-- Opening Marker --
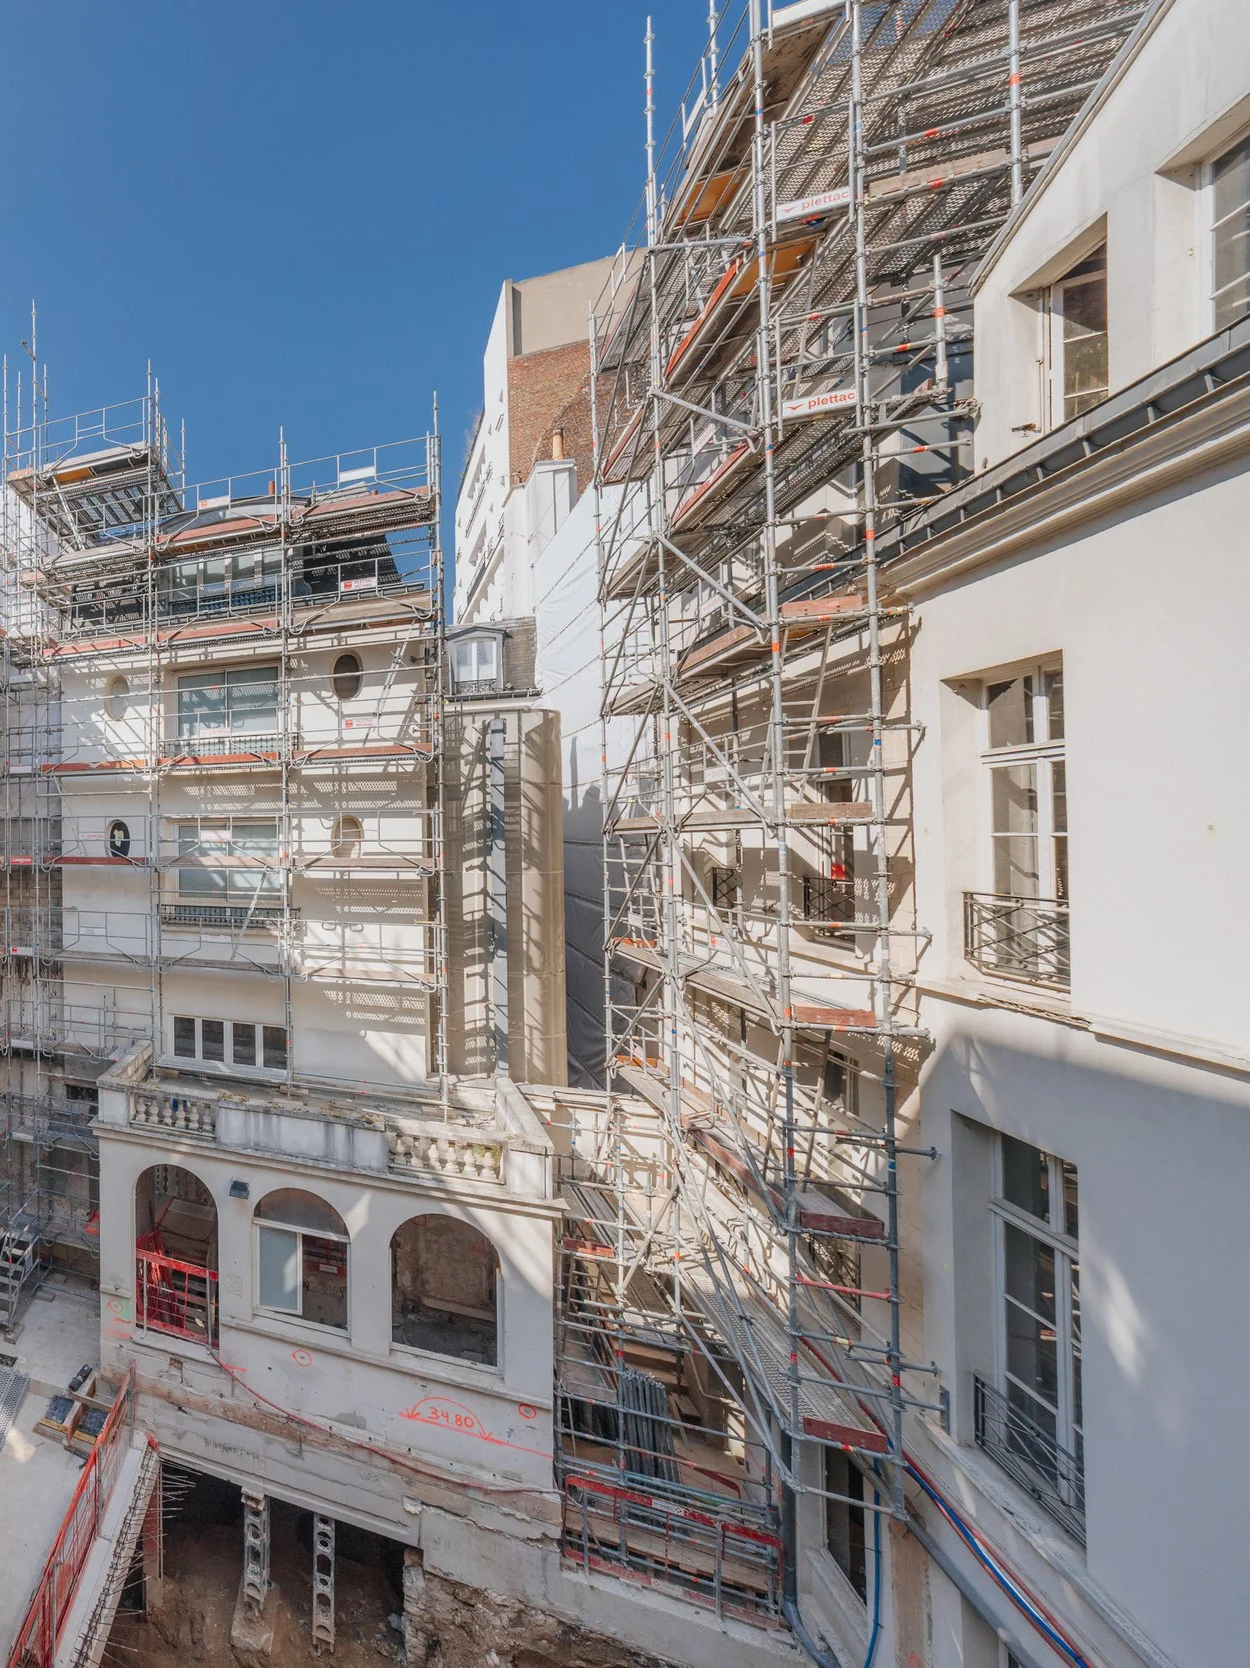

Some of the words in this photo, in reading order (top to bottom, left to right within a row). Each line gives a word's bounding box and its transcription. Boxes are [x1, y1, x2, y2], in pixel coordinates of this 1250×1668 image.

[801, 191, 849, 211] plettac
[807, 391, 855, 410] plettac
[427, 1406, 474, 1429] 34.80
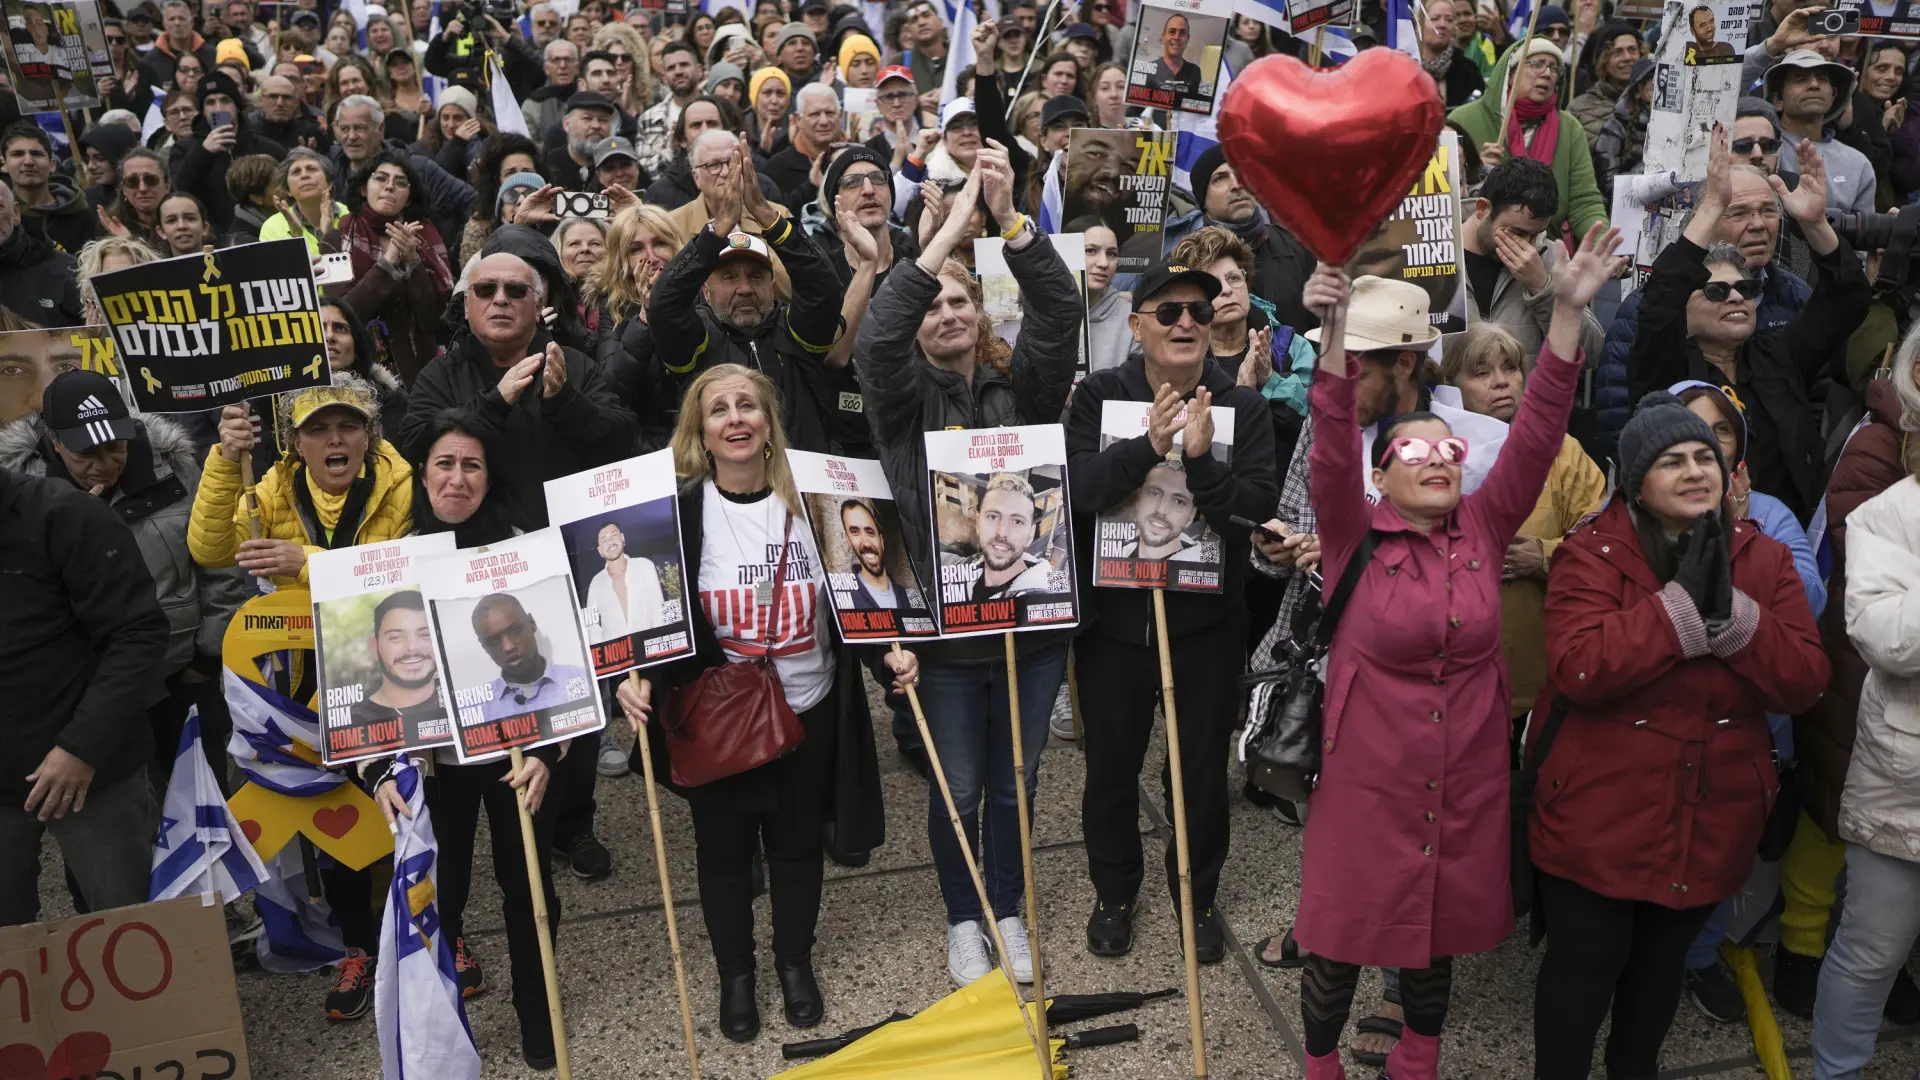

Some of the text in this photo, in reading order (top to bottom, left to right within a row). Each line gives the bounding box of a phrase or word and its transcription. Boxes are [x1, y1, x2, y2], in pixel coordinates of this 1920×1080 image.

[1721, 20, 1742, 29] הביתה
[1133, 60, 1158, 75] BRING
[1131, 72, 1148, 86] HIM
[1128, 86, 1151, 100] HOME
[1152, 88, 1176, 104] NOW!
[1136, 136, 1170, 176] אל
[1119, 175, 1166, 192] תשאירו
[1136, 191, 1164, 208] אותי
[1389, 195, 1453, 221] תשאיר
[1124, 207, 1162, 224] מאחור
[1415, 217, 1455, 242] אותי
[1402, 241, 1456, 266] מאחור
[1403, 264, 1457, 278] אברה מנגיסטו
[102, 277, 314, 325] ושבו כל הבנים
[116, 311, 323, 358] והבנות לגבולם
[70, 335, 119, 375] אל
[209, 364, 292, 397] #עדהחטוףהאחרון
[77, 407, 109, 419] adidas
[971, 433, 1019, 447] אלקנה בוחבוט
[968, 444, 1024, 458] ELKANA BOHBOT
[990, 458, 1005, 470] (34)
[594, 468, 623, 486] אליה כהן
[589, 478, 630, 498] ELIYA COHEN
[604, 493, 617, 507] (27)
[1101, 521, 1136, 540] BRING
[360, 545, 401, 562] עומר ונקרט
[1100, 540, 1124, 558] HIM
[353, 556, 410, 577] OMER WENKERT
[470, 551, 519, 571] אברה מנגיסטו
[1099, 559, 1168, 580] HOME NOW!
[364, 574, 386, 590] (23)
[465, 560, 529, 584] AVERA MANGISTO
[828, 572, 859, 591] BRING
[941, 563, 980, 584] BRING
[1179, 575, 1219, 586] FAMILIES FORUM
[491, 577, 508, 591] (36)
[943, 583, 967, 604] HIM
[833, 591, 855, 610] HIM
[840, 609, 896, 630] HOME NOW!
[944, 599, 1016, 625] HOME NOW!
[1028, 607, 1073, 620] FAMILIES FORUM
[603, 634, 634, 664] NOW!
[326, 683, 364, 708] BRING
[455, 682, 494, 708] BRING
[328, 706, 352, 728] HIM
[458, 704, 485, 728] HIM
[552, 711, 597, 731] FAMILIES FORUM
[329, 715, 405, 751] HOME NOW!
[418, 725, 445, 739] FAMILIES
[464, 723, 501, 748] HOME
[501, 712, 539, 740] NOW!
-- Closing Marker --
Work task
Set every entry down again word for word, but not the pictures.

Task result
Some of the words in this photo, in reading order (top to bottom, left to right within a row). Each line gives a word's bounding box and its transcription. Boxes are [x1, y1, x2, y2], in pixel coordinates of this 1250×1668 image.

[801, 191, 849, 211] plettac
[807, 391, 855, 410] plettac
[427, 1406, 474, 1429] 34.80

Some of the text in this photo, in reading order (top to bottom, left to right within a row). Each line gives the bounding box of a phrase or word and its transcription. Boxes are [x1, y1, x2, y2], in pixel coordinates of this 1920×1080 image.

[1721, 20, 1742, 29] הביתה
[1133, 60, 1158, 75] BRING
[1131, 72, 1148, 86] HIM
[1128, 86, 1151, 100] HOME
[1152, 88, 1176, 104] NOW!
[1136, 136, 1170, 176] אל
[1119, 175, 1166, 192] תשאירו
[1136, 191, 1164, 208] אותי
[1389, 195, 1453, 221] תשאיר
[1124, 207, 1162, 224] מאחור
[1415, 217, 1455, 242] אותי
[1402, 241, 1456, 266] מאחור
[1403, 264, 1457, 278] אברה מנגיסטו
[102, 277, 314, 325] ושבו כל הבנים
[116, 311, 323, 358] והבנות לגבולם
[70, 335, 119, 375] אל
[209, 364, 292, 397] #עדהחטוףהאחרון
[77, 407, 109, 419] adidas
[971, 433, 1019, 447] אלקנה בוחבוט
[968, 444, 1024, 458] ELKANA BOHBOT
[990, 458, 1005, 470] (34)
[594, 468, 623, 486] אליה כהן
[589, 478, 630, 498] ELIYA COHEN
[604, 493, 617, 507] (27)
[1101, 521, 1136, 540] BRING
[360, 545, 401, 562] עומר ונקרט
[1100, 540, 1124, 558] HIM
[353, 556, 410, 577] OMER WENKERT
[470, 551, 519, 571] אברה מנגיסטו
[1099, 559, 1168, 580] HOME NOW!
[364, 574, 386, 590] (23)
[465, 560, 529, 584] AVERA MANGISTO
[828, 572, 859, 591] BRING
[941, 563, 980, 584] BRING
[1179, 575, 1219, 586] FAMILIES FORUM
[491, 577, 508, 591] (36)
[943, 583, 967, 604] HIM
[833, 591, 855, 610] HIM
[840, 609, 896, 630] HOME NOW!
[944, 599, 1016, 625] HOME NOW!
[1028, 607, 1073, 620] FAMILIES FORUM
[603, 634, 634, 664] NOW!
[326, 683, 364, 708] BRING
[455, 682, 494, 708] BRING
[328, 706, 352, 728] HIM
[458, 704, 485, 728] HIM
[552, 711, 597, 731] FAMILIES FORUM
[329, 715, 405, 751] HOME NOW!
[418, 725, 445, 739] FAMILIES
[464, 723, 501, 748] HOME
[501, 712, 539, 740] NOW!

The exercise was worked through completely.